* _Your assignment_:
From the first entry to the last, copy the material exactly as it stands.

* _Exercise data_:
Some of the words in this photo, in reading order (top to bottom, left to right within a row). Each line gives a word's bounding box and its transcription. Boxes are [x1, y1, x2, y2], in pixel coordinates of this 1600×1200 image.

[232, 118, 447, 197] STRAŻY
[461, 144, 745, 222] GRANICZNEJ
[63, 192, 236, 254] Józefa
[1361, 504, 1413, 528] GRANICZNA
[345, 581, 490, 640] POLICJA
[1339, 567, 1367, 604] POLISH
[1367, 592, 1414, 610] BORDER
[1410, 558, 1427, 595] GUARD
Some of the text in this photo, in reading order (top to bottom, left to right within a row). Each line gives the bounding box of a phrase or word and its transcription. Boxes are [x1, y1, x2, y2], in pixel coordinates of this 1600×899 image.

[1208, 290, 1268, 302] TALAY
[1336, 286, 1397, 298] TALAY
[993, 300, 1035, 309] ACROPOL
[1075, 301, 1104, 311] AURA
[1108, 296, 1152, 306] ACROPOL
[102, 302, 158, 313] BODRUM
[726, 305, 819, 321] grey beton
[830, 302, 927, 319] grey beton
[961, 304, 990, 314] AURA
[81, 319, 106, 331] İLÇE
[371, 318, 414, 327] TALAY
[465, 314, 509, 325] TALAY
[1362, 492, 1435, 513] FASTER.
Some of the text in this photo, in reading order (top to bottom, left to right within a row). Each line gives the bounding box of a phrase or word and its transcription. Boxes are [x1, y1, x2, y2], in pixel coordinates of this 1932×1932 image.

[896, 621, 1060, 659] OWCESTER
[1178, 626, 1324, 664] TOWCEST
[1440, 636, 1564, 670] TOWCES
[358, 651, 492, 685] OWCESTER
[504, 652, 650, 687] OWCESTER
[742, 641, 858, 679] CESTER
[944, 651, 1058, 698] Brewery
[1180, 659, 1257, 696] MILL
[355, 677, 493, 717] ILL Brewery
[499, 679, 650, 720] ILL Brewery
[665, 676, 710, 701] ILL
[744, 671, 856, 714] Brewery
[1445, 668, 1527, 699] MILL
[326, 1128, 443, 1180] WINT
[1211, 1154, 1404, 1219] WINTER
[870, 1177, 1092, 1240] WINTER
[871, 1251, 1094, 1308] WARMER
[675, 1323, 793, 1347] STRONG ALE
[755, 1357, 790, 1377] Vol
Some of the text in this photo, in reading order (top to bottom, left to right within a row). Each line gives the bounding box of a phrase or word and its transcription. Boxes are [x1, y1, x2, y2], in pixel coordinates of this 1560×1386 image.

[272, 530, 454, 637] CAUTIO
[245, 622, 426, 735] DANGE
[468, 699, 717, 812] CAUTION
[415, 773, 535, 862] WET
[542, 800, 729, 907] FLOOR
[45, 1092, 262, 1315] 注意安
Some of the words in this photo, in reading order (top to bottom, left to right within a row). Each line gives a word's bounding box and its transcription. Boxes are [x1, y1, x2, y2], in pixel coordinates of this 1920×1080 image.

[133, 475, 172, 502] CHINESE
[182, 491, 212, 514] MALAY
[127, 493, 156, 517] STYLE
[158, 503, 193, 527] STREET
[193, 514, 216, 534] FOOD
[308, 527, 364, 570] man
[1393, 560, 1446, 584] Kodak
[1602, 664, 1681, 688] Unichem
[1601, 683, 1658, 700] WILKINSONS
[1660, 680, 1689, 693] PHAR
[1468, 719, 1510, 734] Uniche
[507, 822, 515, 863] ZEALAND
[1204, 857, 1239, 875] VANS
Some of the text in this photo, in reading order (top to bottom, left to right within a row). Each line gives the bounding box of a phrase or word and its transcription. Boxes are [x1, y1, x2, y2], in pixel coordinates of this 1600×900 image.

* _Task solution_:
Some of the words in this photo, in reading order (top to bottom, left to right within a row). Each line gives a word's bounding box and its transcription. Boxes are [x1, y1, x2, y2], in pixel coordinates of this 1600×1200 image.

[232, 118, 447, 197] STRAŻY
[461, 144, 745, 222] GRANICZNEJ
[63, 192, 236, 254] Józefa
[1361, 504, 1413, 528] GRANICZNA
[345, 581, 490, 640] POLICJA
[1339, 567, 1367, 604] POLISH
[1367, 592, 1414, 610] BORDER
[1410, 558, 1427, 595] GUARD
Some of the text in this photo, in reading order (top to bottom, left to right within a row). Each line gives the bounding box of a phrase or word and its transcription. Boxes are [x1, y1, x2, y2], in pixel coordinates of this 1600×899 image.

[1208, 290, 1268, 302] TALAY
[1336, 286, 1397, 298] TALAY
[993, 300, 1035, 309] ACROPOL
[1075, 301, 1104, 311] AURA
[1108, 296, 1152, 306] ACROPOL
[102, 302, 158, 313] BODRUM
[726, 305, 819, 321] grey beton
[830, 302, 927, 319] grey beton
[961, 304, 990, 314] AURA
[81, 319, 106, 331] İLÇE
[371, 318, 414, 327] TALAY
[465, 314, 509, 325] TALAY
[1362, 492, 1435, 513] FASTER.
Some of the text in this photo, in reading order (top to bottom, left to right within a row). Each line gives the bounding box of a phrase or word and its transcription. Boxes are [x1, y1, x2, y2], in pixel coordinates of this 1932×1932 image.

[896, 621, 1060, 659] OWCESTER
[1178, 626, 1324, 664] TOWCEST
[1440, 636, 1564, 670] TOWCES
[358, 651, 492, 685] OWCESTER
[504, 652, 650, 687] OWCESTER
[742, 641, 858, 679] CESTER
[944, 651, 1058, 698] Brewery
[1180, 659, 1257, 696] MILL
[355, 677, 493, 717] ILL Brewery
[499, 679, 650, 720] ILL Brewery
[665, 676, 710, 701] ILL
[744, 671, 856, 714] Brewery
[1445, 668, 1527, 699] MILL
[326, 1128, 443, 1180] WINT
[1211, 1154, 1404, 1219] WINTER
[870, 1177, 1092, 1240] WINTER
[871, 1251, 1094, 1308] WARMER
[675, 1323, 793, 1347] STRONG ALE
[755, 1357, 790, 1377] Vol
Some of the text in this photo, in reading order (top to bottom, left to right within a row). Each line gives the bounding box of a phrase or word and its transcription. Boxes are [x1, y1, x2, y2], in pixel coordinates of this 1560×1386 image.

[272, 530, 454, 637] CAUTIO
[245, 622, 426, 735] DANGE
[468, 699, 717, 812] CAUTION
[415, 773, 535, 862] WET
[542, 800, 729, 907] FLOOR
[45, 1092, 262, 1315] 注意安
Some of the words in this photo, in reading order (top to bottom, left to right within a row). Each line gives a word's bounding box and its transcription. Boxes are [x1, y1, x2, y2], in pixel coordinates of this 1920×1080 image.

[133, 475, 172, 502] CHINESE
[182, 491, 212, 514] MALAY
[127, 493, 156, 517] STYLE
[158, 503, 193, 527] STREET
[193, 514, 216, 534] FOOD
[308, 527, 364, 570] man
[1393, 560, 1446, 584] Kodak
[1602, 664, 1681, 688] Unichem
[1601, 683, 1658, 700] WILKINSONS
[1660, 680, 1689, 693] PHAR
[1468, 719, 1510, 734] Uniche
[507, 822, 515, 863] ZEALAND
[1204, 857, 1239, 875] VANS
Some of the text in this photo, in reading order (top to bottom, left to right within a row). Each line gives the bounding box of a phrase or word and its transcription. Boxes are [x1, y1, x2, y2], in pixel coordinates of this 1600×900 image.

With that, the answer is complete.